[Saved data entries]

=======

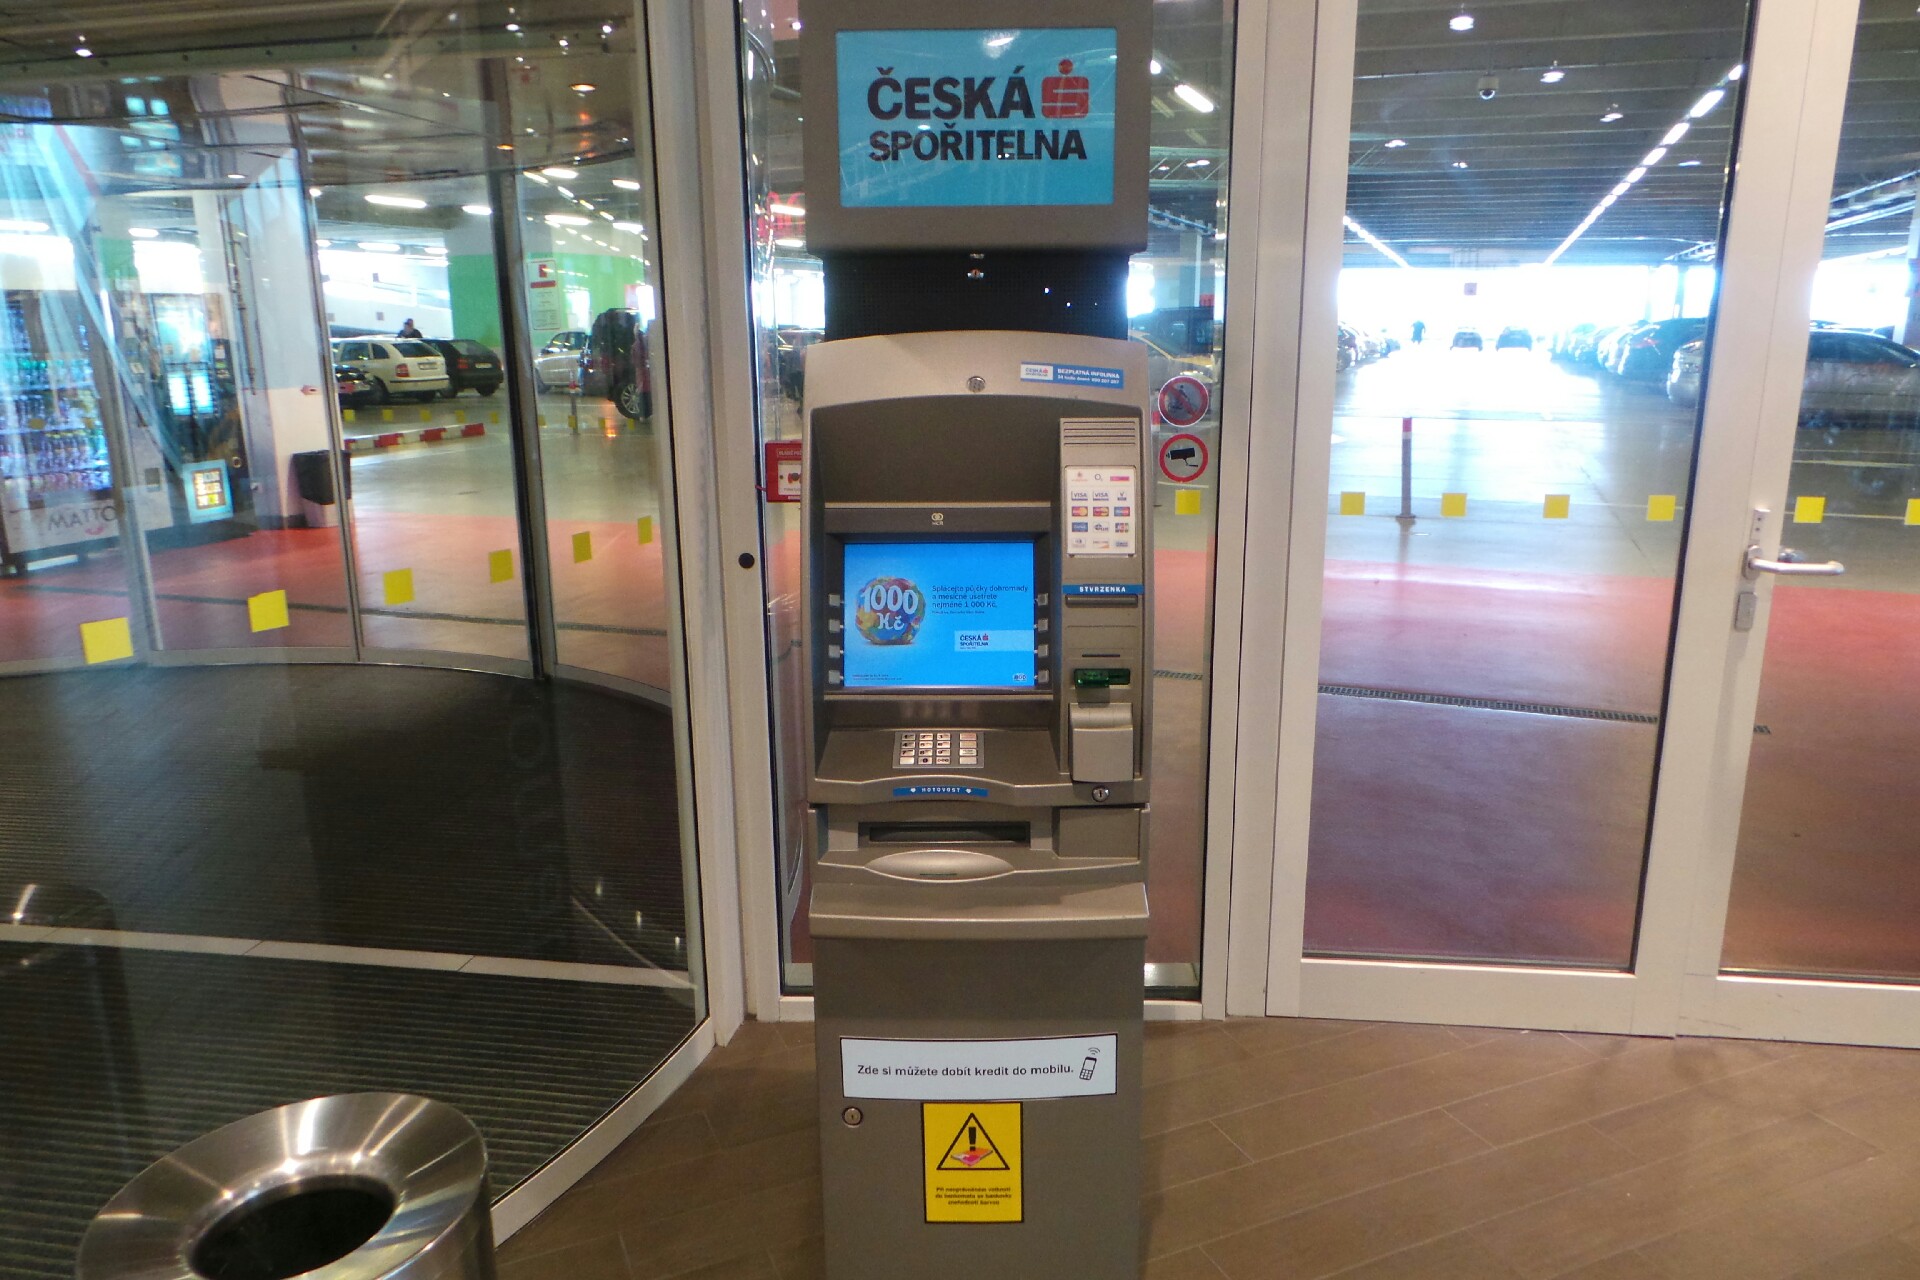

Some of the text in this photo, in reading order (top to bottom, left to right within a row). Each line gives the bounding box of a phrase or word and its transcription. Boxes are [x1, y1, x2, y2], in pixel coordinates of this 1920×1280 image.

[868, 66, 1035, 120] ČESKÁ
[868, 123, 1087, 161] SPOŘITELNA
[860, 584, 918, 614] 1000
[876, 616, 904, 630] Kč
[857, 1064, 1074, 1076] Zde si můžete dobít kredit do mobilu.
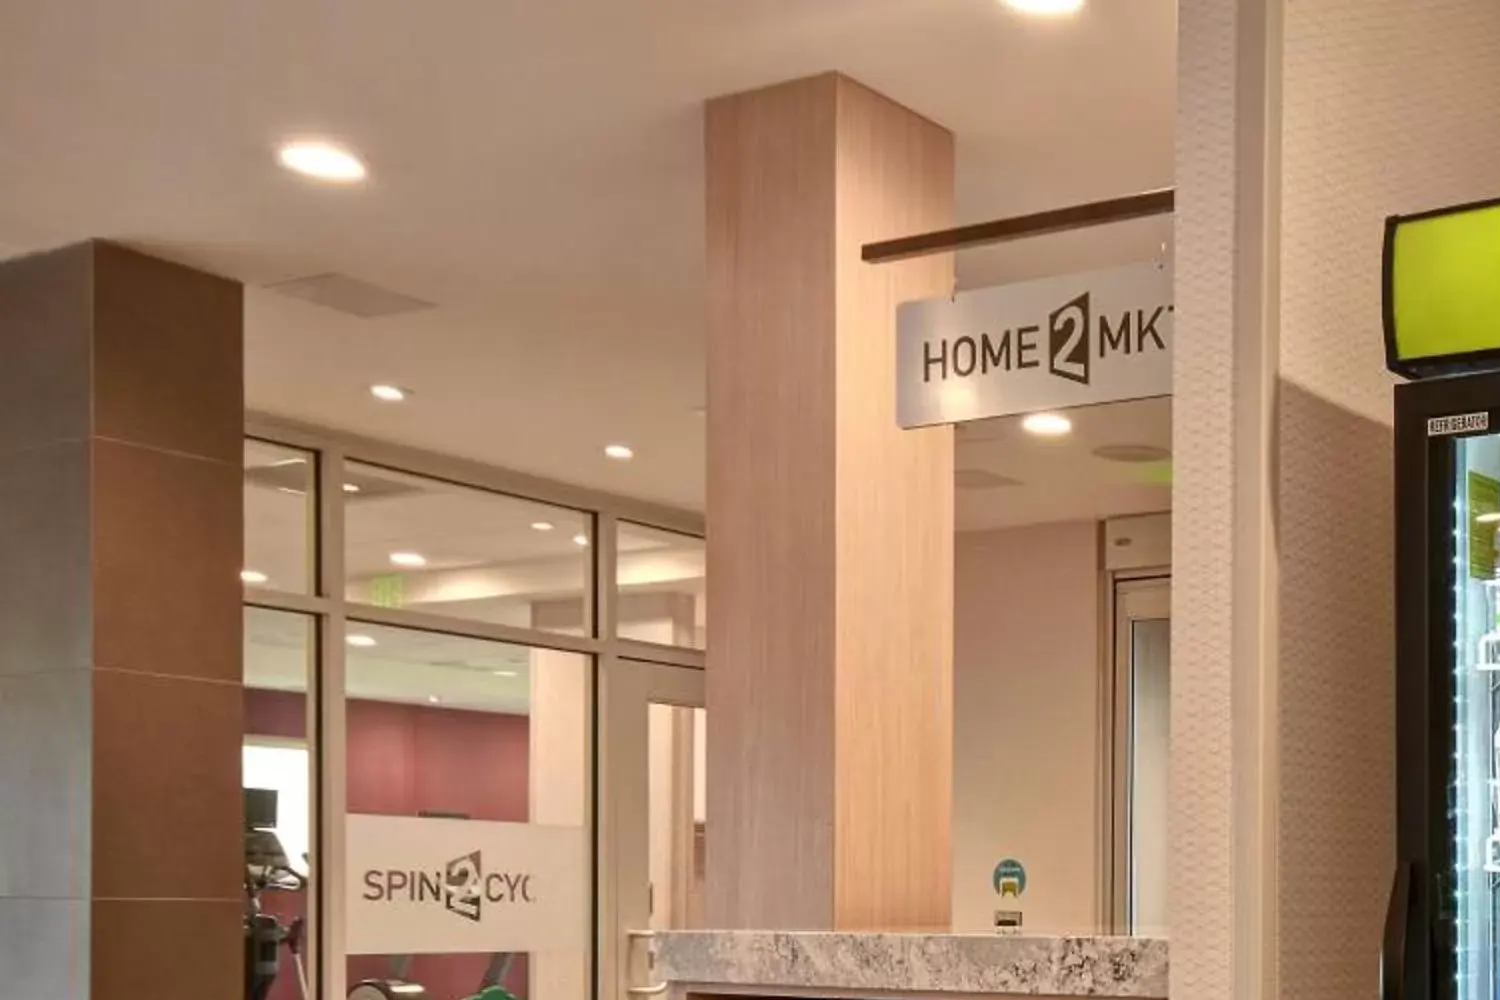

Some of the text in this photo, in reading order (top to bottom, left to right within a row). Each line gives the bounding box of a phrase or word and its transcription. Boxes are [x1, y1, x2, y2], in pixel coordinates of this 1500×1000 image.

=======

### TASK TO CARRY OUT
Pictures are to be left out; please print the rest of the records above word for word.

### RESULT
Some of the text in this photo, in reading order (top to bottom, left to right within a row). Each line gives the bounding box of a phrase or word and its transcription. Boxes are [x1, y1, x2, y2], in pixel coordinates of this 1920×1280 image.

[868, 66, 1035, 120] ČESKÁ
[868, 123, 1087, 161] SPOŘITELNA
[860, 584, 918, 614] 1000
[876, 616, 904, 630] Kč
[857, 1064, 1074, 1076] Zde si můžete dobít kredit do mobilu.

Some of the text in this photo, in reading order (top to bottom, left to right within a row). Each line gives the bounding box of a phrase or word and its transcription. Boxes are [x1, y1, x2, y2], in pixel coordinates of this 1500×1000 image.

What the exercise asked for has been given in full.